Friday, October 16, is World Food Day, a day to stand together against world hunger. Our Dietitian, Kelly Hall, has put together some simple recipes from around the world for you to try.
All over the world, people will be taking action against hunger on World Food Day. Even in St. Louis, people will be working together to package meals for the hungry at home and abroad. You can find out more about World Food Day here.
Enchiladas are quick and easy Mexican dish: a corn or flour tortilla stuffed with meat and covered in a tomato-chili sauce. They’ve been around since Mayan times and are a versatile dish that allows for the use of a variety of meats and veggies depending on what you have on hand. Serve them with rice and beans for a complete Mexican meal.
4 boneless, skinless chicken breasts
1tablespoon olive oil
½ teaspoon salt
¼ teaspoon black pepper
1 ½ cup cheddar cheese, shredded
8 6-inch corn tortillas
2 1⁄2 cups canned enchilada sauce
Heat oven to 400° F. Place the chicken on a baking sheet. Rub with the oil and season with ½ teaspoon salt and ¼ teaspoon pepper. Roast, until cooked through, 14 to 16 minutes; let cool, then shred.
In a medium bowl, toss the chicken with 1 cup of cheese. Dividing evenly, roll up the chicken mixture in the tortillas and place seam-side down in an 8-inch square baking dish. Top with the enchilada sauce and the remaining ½ cup of cheese. Bake until heated through, 15 to 20 minutes.
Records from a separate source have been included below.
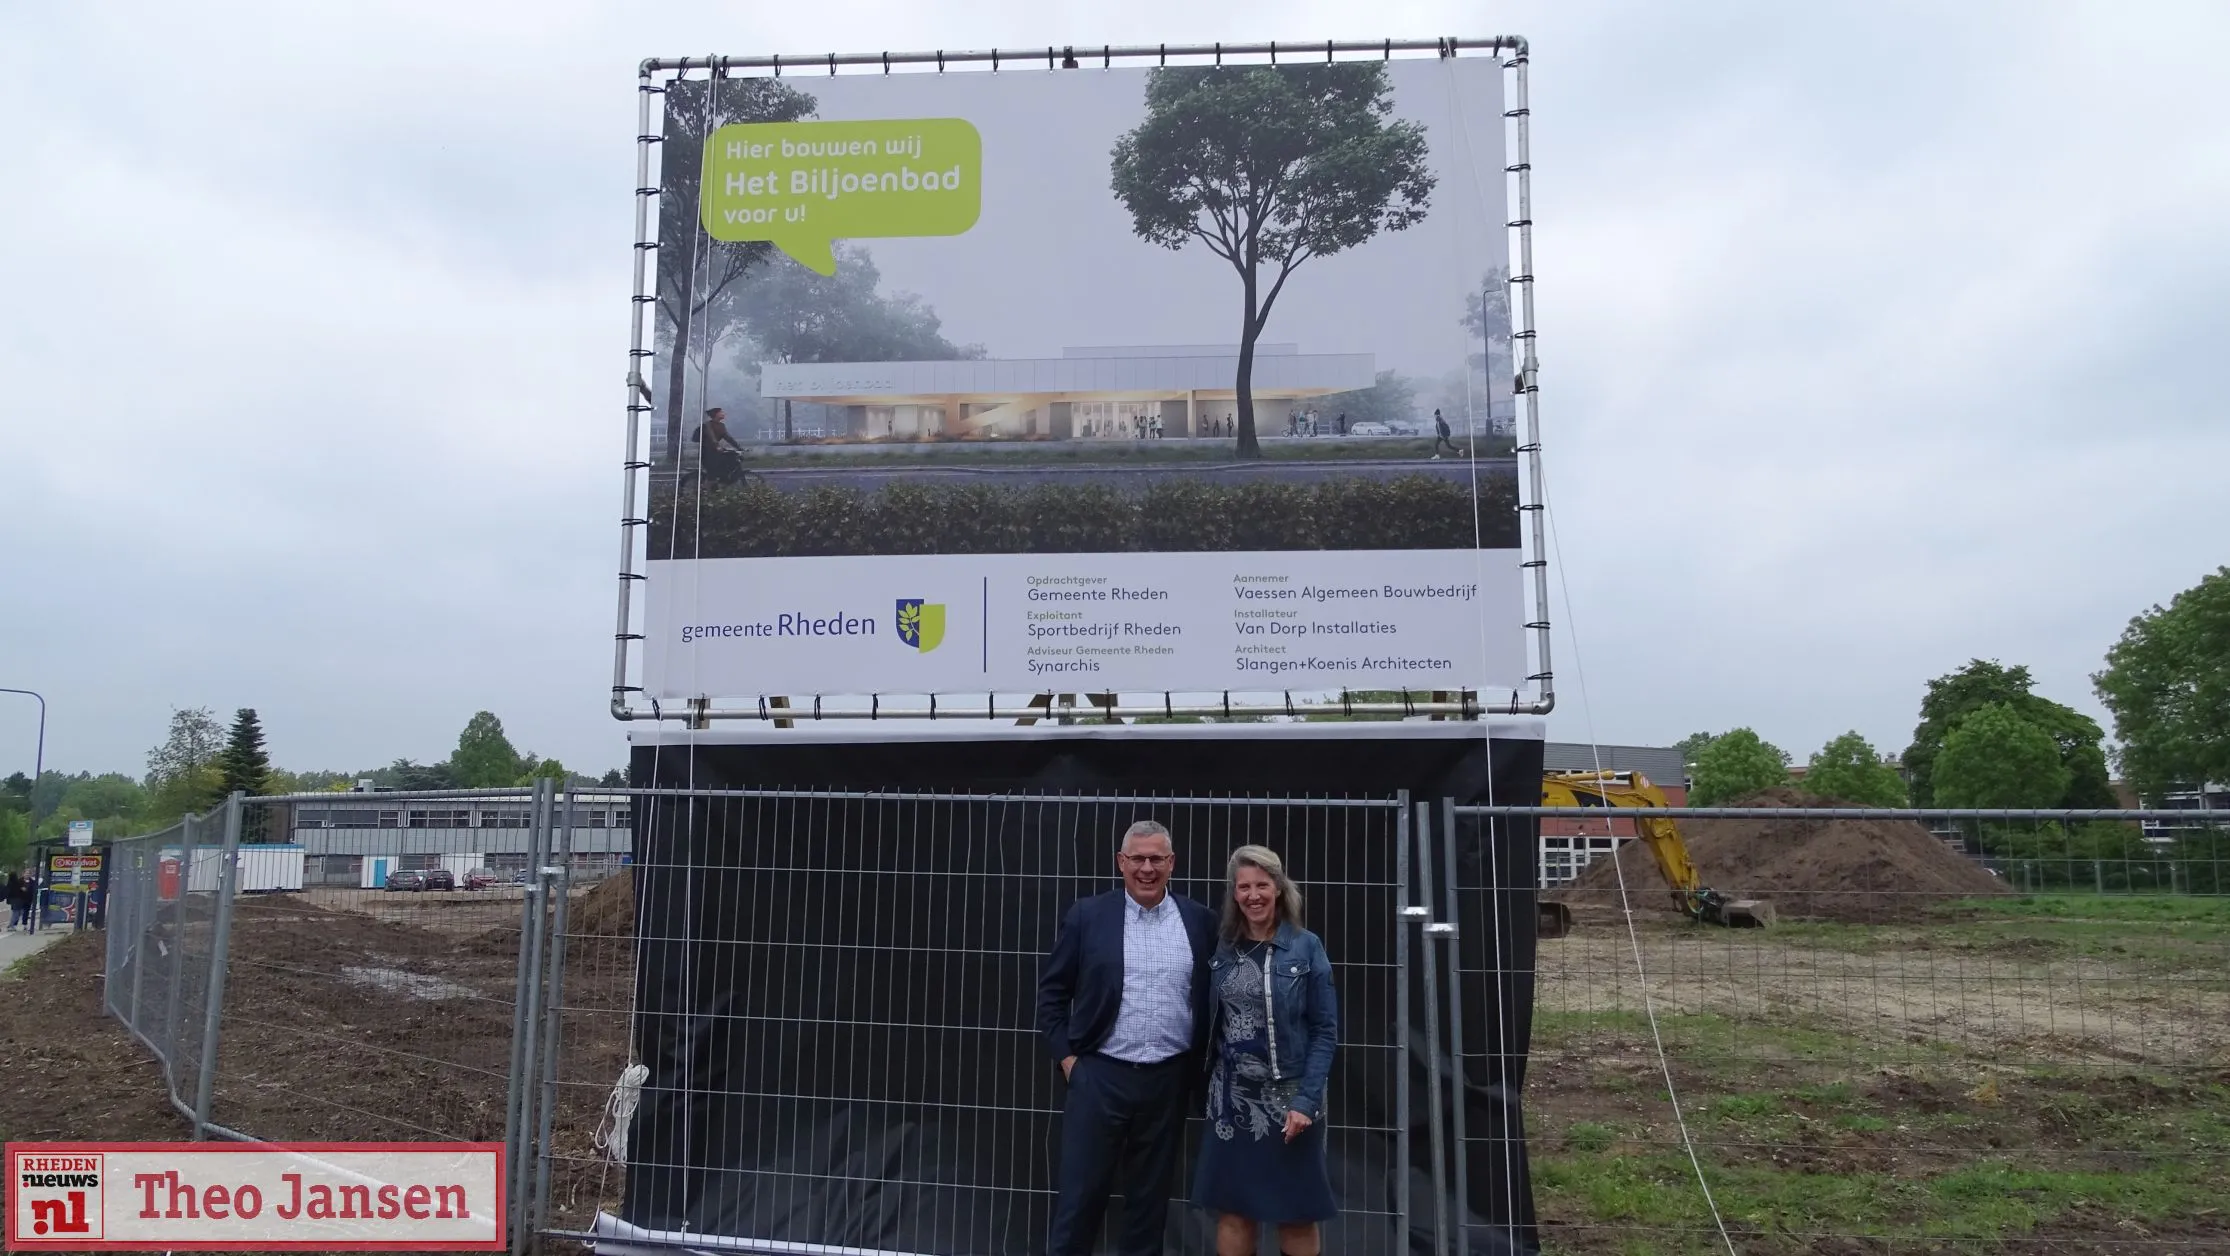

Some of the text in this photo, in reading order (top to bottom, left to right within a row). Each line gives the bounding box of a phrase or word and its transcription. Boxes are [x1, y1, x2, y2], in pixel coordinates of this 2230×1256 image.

[726, 135, 922, 160] Hier bouwen wij
[725, 165, 961, 200] Het Biljoenbad
[724, 204, 806, 224] voor u!
[1027, 576, 1108, 587] Opdrachtgever
[1233, 574, 1289, 583] Aannemer
[1027, 587, 1168, 601] Gemeente Rheden
[1234, 584, 1477, 602] Vaessen Algemeen Bouwbedrijf
[1027, 611, 1083, 621] Exploitant
[1234, 609, 1298, 618] Installateur
[681, 611, 875, 643] gemeente Rheden
[1027, 623, 1181, 640] Sportbedrijf Rheden
[1235, 621, 1397, 637] Van Dorp Installaties
[1027, 645, 1174, 656] Adviseur Gemeente Rheden
[1235, 644, 1287, 654] Architect
[1027, 659, 1101, 675] Synarchis
[1236, 656, 1452, 674] Slangen+Koenis Architecten
[65, 858, 97, 867] Krudvat
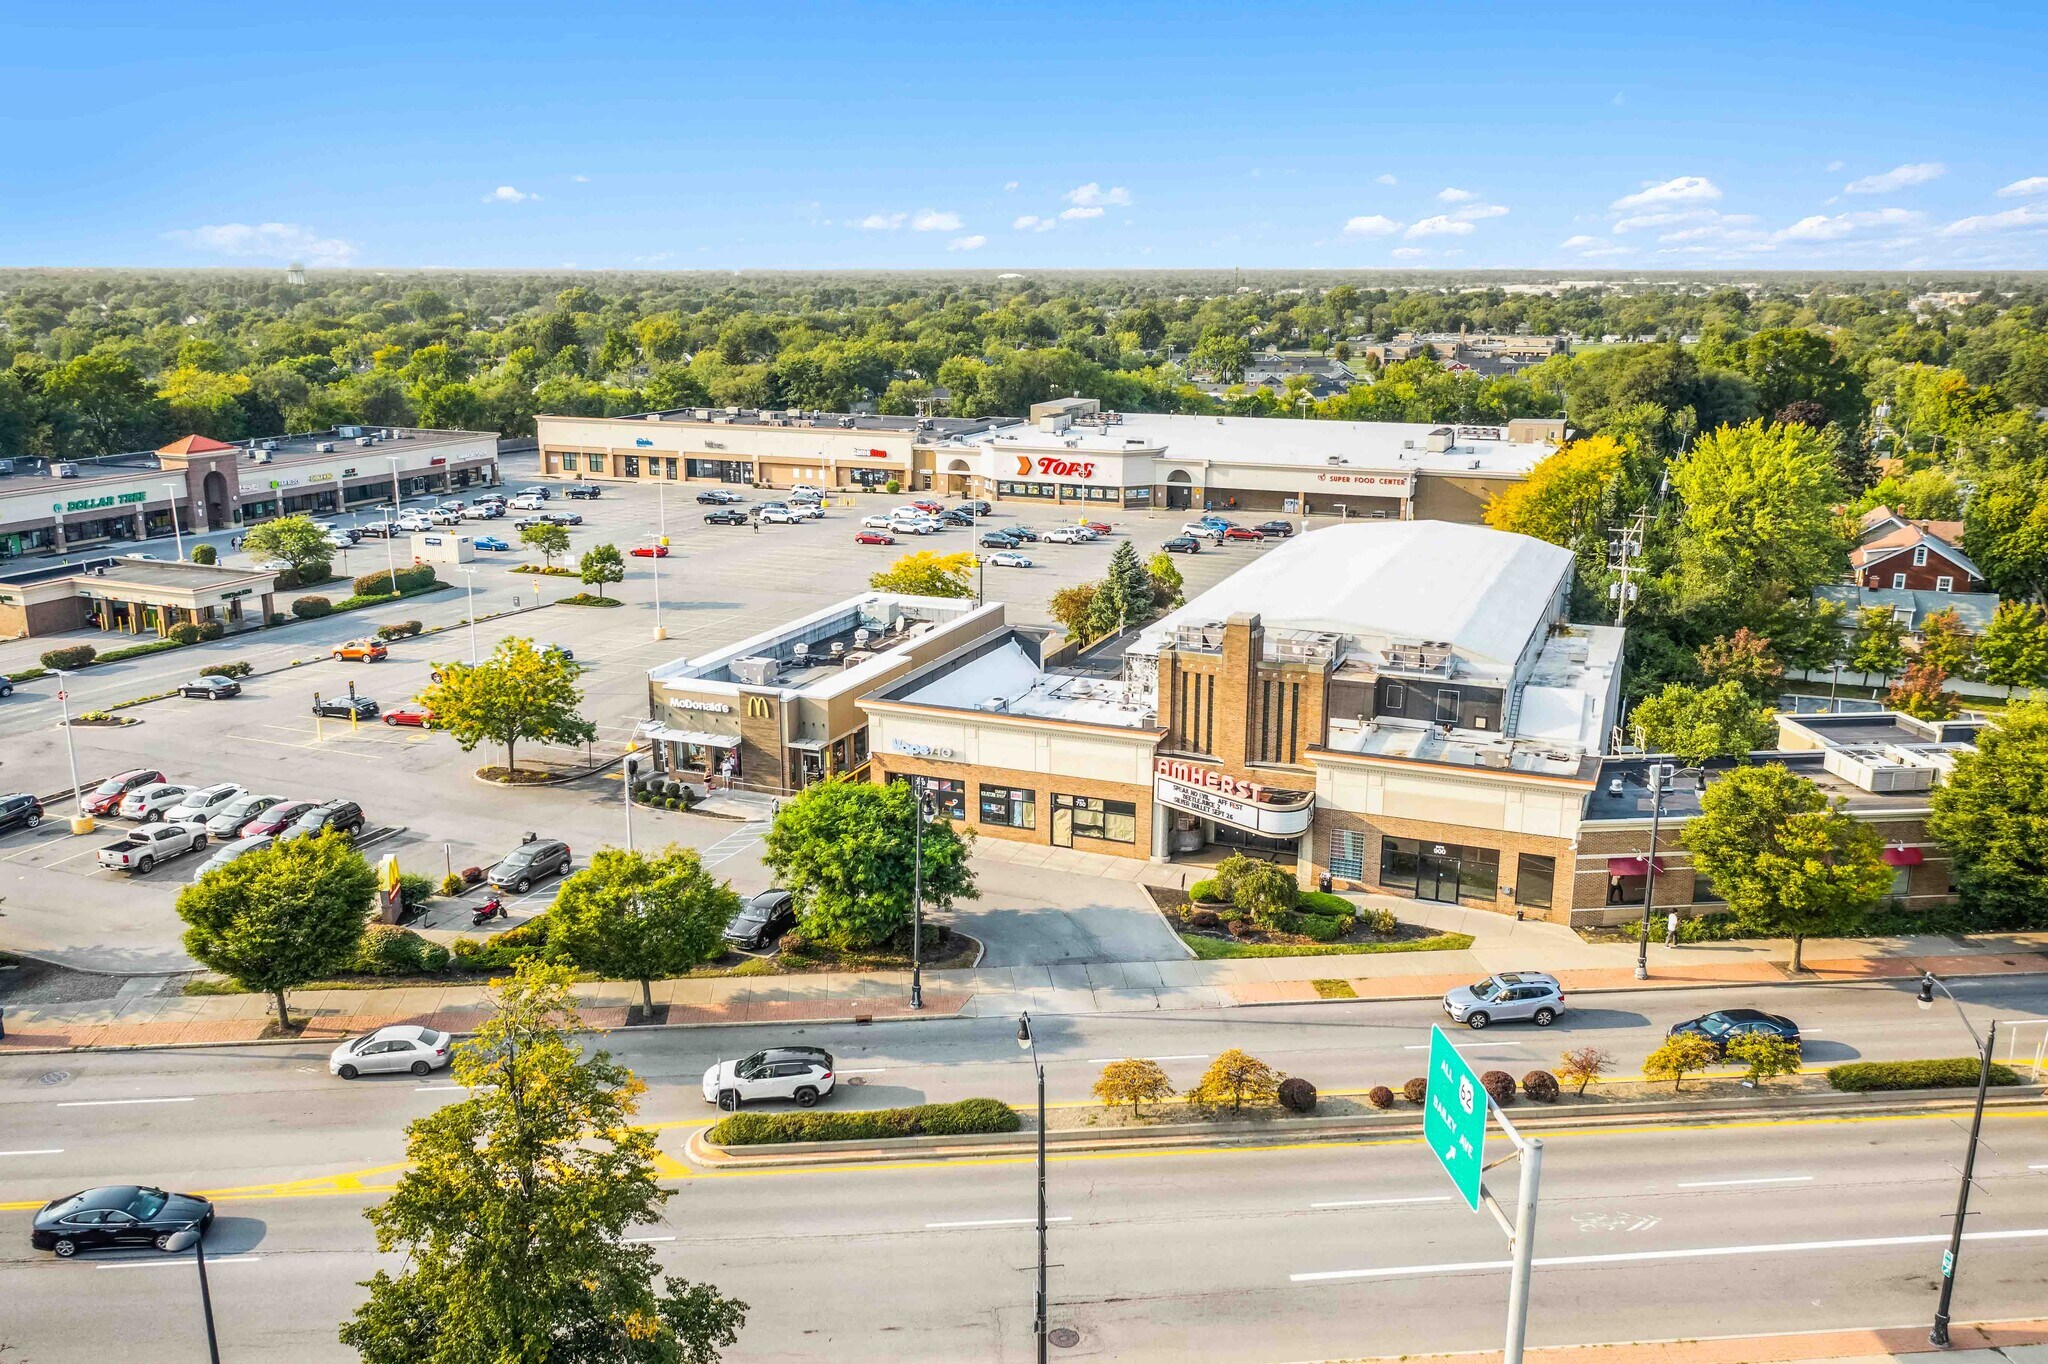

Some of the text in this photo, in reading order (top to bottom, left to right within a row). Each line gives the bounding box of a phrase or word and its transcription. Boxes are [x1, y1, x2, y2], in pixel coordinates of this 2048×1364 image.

[1037, 456, 1095, 479] TOPS
[1329, 475, 1350, 483] SUPER
[1378, 478, 1405, 486] CENTER
[67, 491, 146, 512] DOLLAR TREE
[669, 697, 730, 714] McDonald's
[1157, 758, 1265, 803] AMHERST
[1172, 784, 1243, 811] SPEAK NO EVIL AFF FEST
[1173, 796, 1190, 807] SILVER
[1191, 802, 1211, 813] BULLET
[1211, 808, 1225, 818] SEPT
[1182, 793, 1216, 809] BEETLEJUICE
[1440, 1059, 1454, 1085] ALL
[1460, 1084, 1472, 1110] 62
[1432, 1094, 1458, 1135] BAILEY
Add a side of rice and beans for a complete Mexican meal.
Italian Sausage Soup
Sausage Soup is a hearty staple of the Italian diet, especially during the cold winter months. It combines fresh herbs with the pasta, cheese, and tomatoes that Italy is known for. Pair this soup with garlic bread for a delicious and filling meal.
8 ounces hot or sweet turkey Italian sausage
2 cups reduced or no sodium chicken broth
1 (14.5-ounce) can diced tomatoes with basil, garlic, and oregano
1/2 cup uncooked small shell pasta
2 cups bagged baby spinach leaves
2 tablespoons grated fresh Parmesan or Romano cheese
2 tablespoons chopped fresh basil
Heat a large saucepan over medium heat. Remove casings from sausage. Add sausage to pan, and cook about 5 minutes or until browned, stirring to crumble. Drain; return to pan.
Add broth, tomatoes, and pasta to pan, and bring to a boil over high heat. Cover, reduce heat, and simmer 10 minutes or until pasta is done. Remove from heat; stir in spinach until wilted. Sprinkle each serving with cheese and basil.